With all images left out, restate the records below exactly as written.

[Free-text object descriptions]
*** Block opens ***

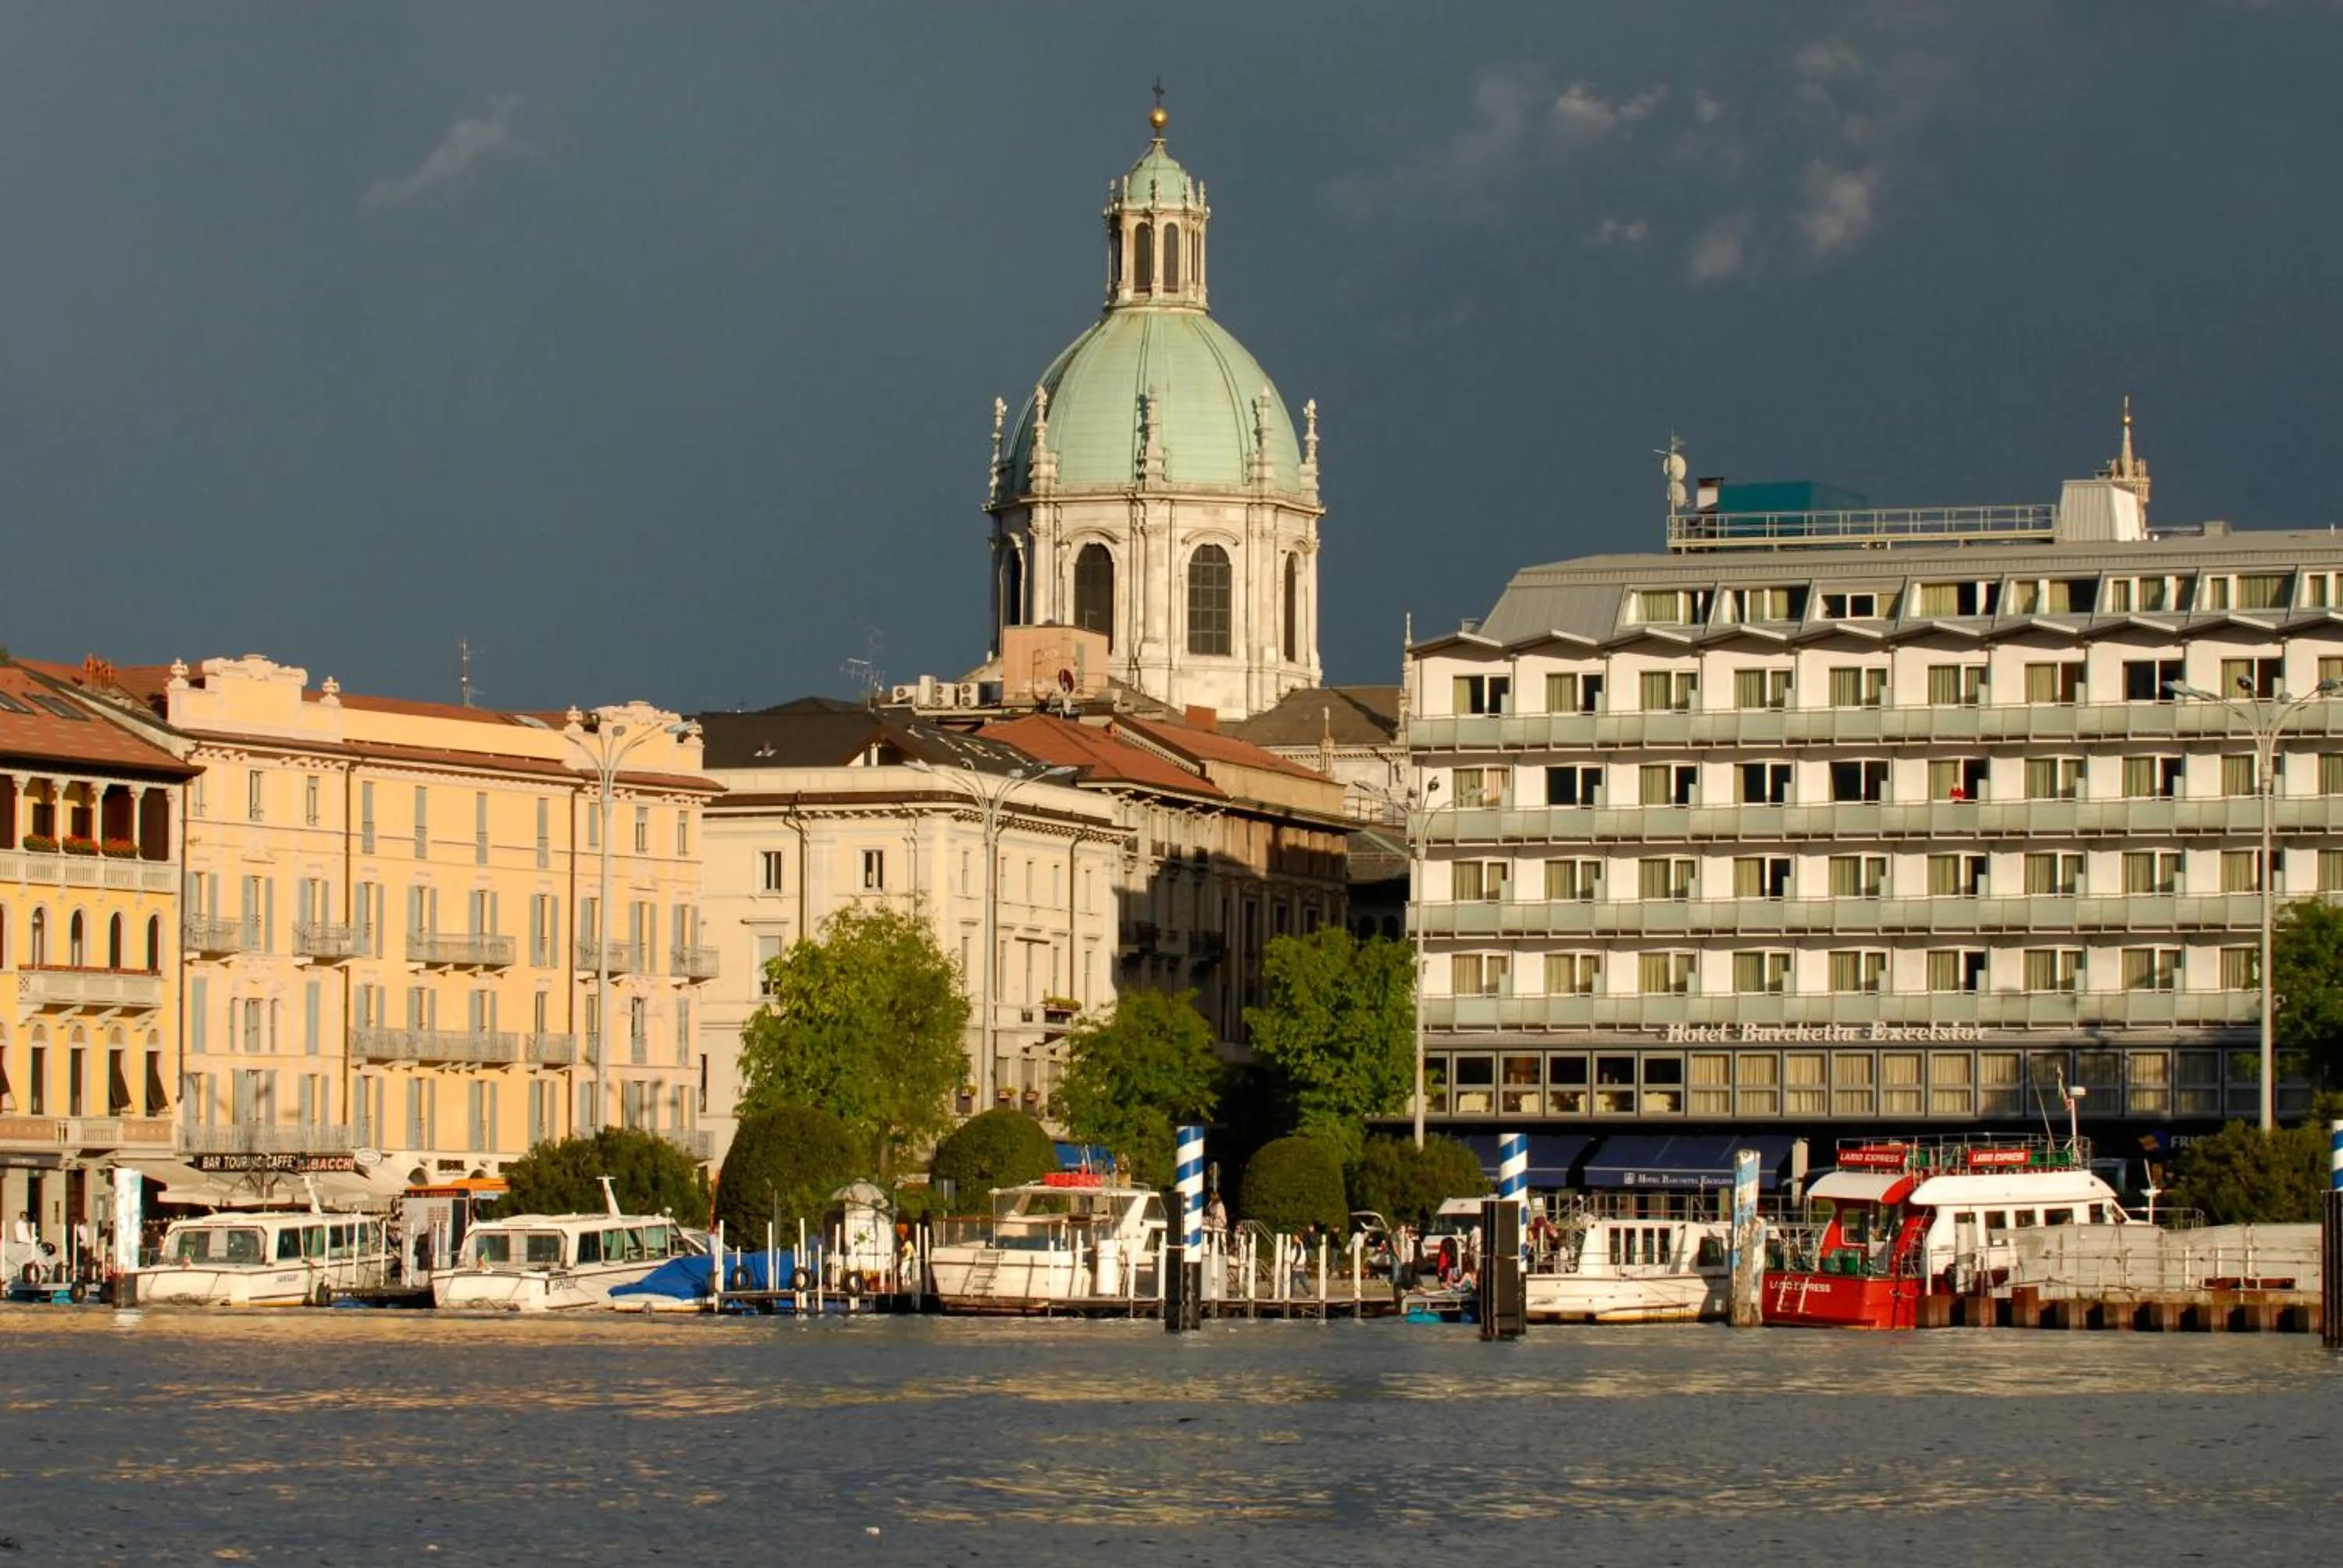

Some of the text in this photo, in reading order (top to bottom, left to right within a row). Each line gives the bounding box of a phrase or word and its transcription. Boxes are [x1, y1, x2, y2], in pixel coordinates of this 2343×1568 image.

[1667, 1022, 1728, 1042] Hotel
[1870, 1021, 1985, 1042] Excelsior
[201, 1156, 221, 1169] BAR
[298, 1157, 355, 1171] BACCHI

*** Block closes ***

> _Response area_
Some of the text in this photo, in reading order (top to bottom, left to right within a row). Each line gives the bounding box of a phrase or word and its transcription. Boxes are [x1, y1, x2, y2], in pixel coordinates of this 2343×1568 image.

[1667, 1022, 1728, 1042] Hotel
[1870, 1021, 1985, 1042] Excelsior
[201, 1156, 221, 1169] BAR
[298, 1157, 355, 1171] BACCHI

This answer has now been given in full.